Está aí o problema: são personagens à sombra dos homens. São datados. De uma era que não tem mais volta.

Penso na mulher da bossa nova, uma “coisa” linda que vem e que passa, apenas para o encantamento dos olhos masculinos, com o corpo dourado, num doce balanço a caminho do mar, que surge para realçar a tristeza na solidão, cuja beleza não é do poeta. Coisa?

Mas penso em Cartola e na música em homenagem à filha, O Mundo É um Moinho, que não sabe o rumo de sonhos tão mesquinhos a tomar, que serão triturados por um moinho. Vai reduzir as ilusões a pó. 

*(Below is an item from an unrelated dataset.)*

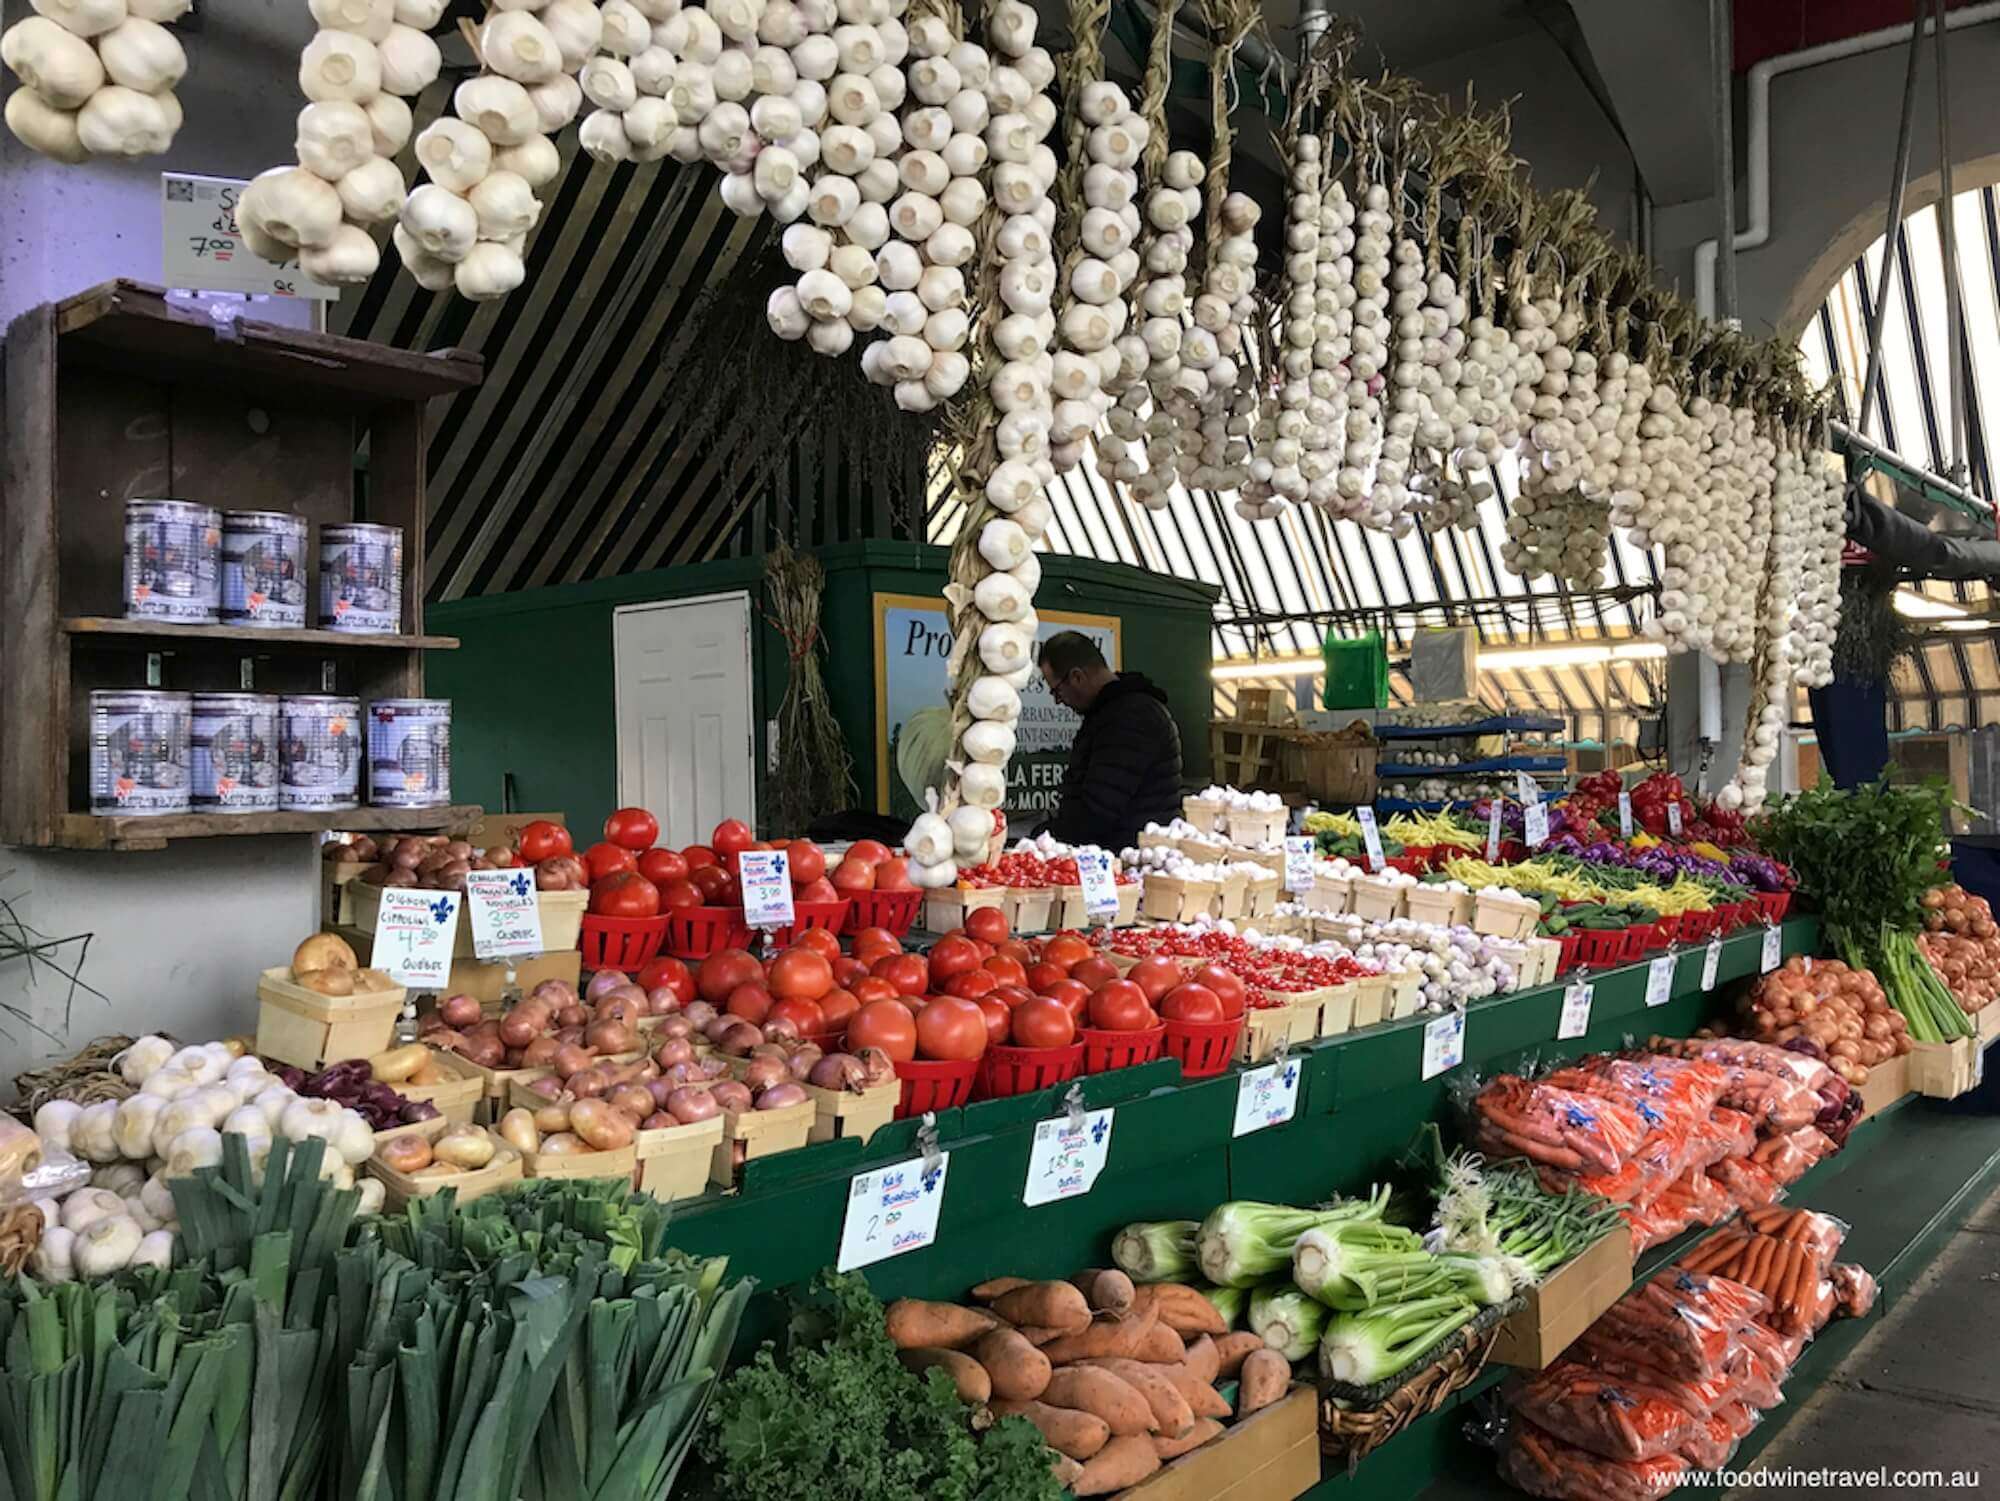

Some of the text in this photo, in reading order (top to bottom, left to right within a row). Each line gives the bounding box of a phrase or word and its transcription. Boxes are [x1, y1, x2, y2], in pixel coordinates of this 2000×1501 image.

Penso em Diadorim, que precisa se fingir homem para se vingar. Penso em Orlando, o herói de uma autora, Virginia Woolf, que um dia acorda mulher. Guimarães Rosa escreveu sobre uma mulher fantasiada de homem. Virginia fez o oposto. Existe acerto e erro na arte? Penso na complexidade das personagens femininas de Chico Buarque e Caetano Veloso, na aflição, solidão e dor: “Com alguns homens foi feliz, com outros foi mulher” (Tigresa). Um homem que melhor escreveu sobre uma mulher?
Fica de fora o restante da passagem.